Problem to solve
Every line of the data is to be transcribed without error.

Start of Records supplied

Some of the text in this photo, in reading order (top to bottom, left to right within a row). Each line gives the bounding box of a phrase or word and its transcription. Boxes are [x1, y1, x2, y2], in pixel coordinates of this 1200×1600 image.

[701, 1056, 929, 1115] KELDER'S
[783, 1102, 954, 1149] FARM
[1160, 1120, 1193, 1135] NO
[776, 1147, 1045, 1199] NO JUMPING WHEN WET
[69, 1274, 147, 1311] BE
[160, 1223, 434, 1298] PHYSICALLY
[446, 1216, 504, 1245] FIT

End of Records supplied

Answer box
Some of the text in this photo, in reading order (top to bottom, left to right within a row). Each line gives the bounding box of a phrase or word and its transcription. Boxes are [x1, y1, x2, y2], in pixel coordinates of this 1200×1600 image.

[701, 1056, 929, 1115] KELDER'S
[783, 1102, 954, 1149] FARM
[1160, 1120, 1193, 1135] NO
[776, 1147, 1045, 1199] NO JUMPING WHEN WET
[69, 1274, 147, 1311] BE
[160, 1223, 434, 1298] PHYSICALLY
[446, 1216, 504, 1245] FIT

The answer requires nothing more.